Inverarity (inverarity) wrote,

Book Review: Afterparty, by Daryl Gregory

God is a drug in this near-future medical thriller.


Tor, 2014, 304 pages

It begins in Toronto, in the years after the smart drug revolution. Any high school student with a chemjet and internet connection can download recipes and print drugs, or invent them. A seventeen-year-old street girl finds God through a new brain-altering drug called Numinous, used as a sacrament by a new Church that preys on the underclass. But she is arrested and put into detention, and without the drug, commits suicide.
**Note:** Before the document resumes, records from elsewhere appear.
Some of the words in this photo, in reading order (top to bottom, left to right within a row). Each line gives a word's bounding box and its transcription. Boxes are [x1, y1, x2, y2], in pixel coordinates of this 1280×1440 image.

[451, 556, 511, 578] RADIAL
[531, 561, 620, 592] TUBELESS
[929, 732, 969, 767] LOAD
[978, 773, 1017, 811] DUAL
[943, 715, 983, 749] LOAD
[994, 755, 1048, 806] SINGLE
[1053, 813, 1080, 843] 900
Lyda Rose, another patient in that detention facility, has a dark secret: She was one of the original scientists who developed the drug. With the help of an ex-government agent and an imaginary, drug-induced doctor, Lyda sets out to find the other three survivors of the five who made the Numinous in a quest to set things right.
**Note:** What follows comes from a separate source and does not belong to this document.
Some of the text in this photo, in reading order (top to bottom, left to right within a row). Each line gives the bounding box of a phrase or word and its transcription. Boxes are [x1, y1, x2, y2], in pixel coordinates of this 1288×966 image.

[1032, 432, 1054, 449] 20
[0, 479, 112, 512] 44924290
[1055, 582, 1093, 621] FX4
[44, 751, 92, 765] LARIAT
A mind-bending and violent chase across Canada and the US, Daryl Gregory's Afterparty is a marvelous mix of William Gibson's Neuromancer, Philip K. Dick's Ubik, and perhaps a bit of Peter Watt's Starfish: A last chance to save civilization, or die trying.

Daryl Gregory's Raising Stony Mayhall is one of my favorite zombie novels, and Afterparty makes him an author to look out for. Set about 20 years in the future, in a world where chemjets allow anyone to "print" custom-made drugs with easily downloadable recipes, it reads like a Michael Crichton technothriller but with more of a Gibsonian cyberpunk/conspiratorial vibe.

Lyda Rose, the protagonist, was a partner in a start-up called Little Sprout that developed a drug that was supposed to cure schizophrenia. Instead, it turns out that "Numinous" rewires the subject's brain and gives them permanent hallucinations — specifically, of having a personal relationship with a manifestation of God. Numinous literally makes people religious.

Somehow, all the founders of Little Sprout ODed on Numinous during a celebratory party gone horribly wrong, which left all of them seeing visions of the divine, and Lyda's wife dead on the floor.

(Yes, Lyda is a lesbian. This book is actually one of the most deft handlings of a lesbian main character I've ever read — it's part of her character, but it's not the defining part of her character or something that figures significantly in the plot. It doesn't read like something done for Social Justice cred, nor are Lyda's occasional detours into girl-kissing particularly titillating.)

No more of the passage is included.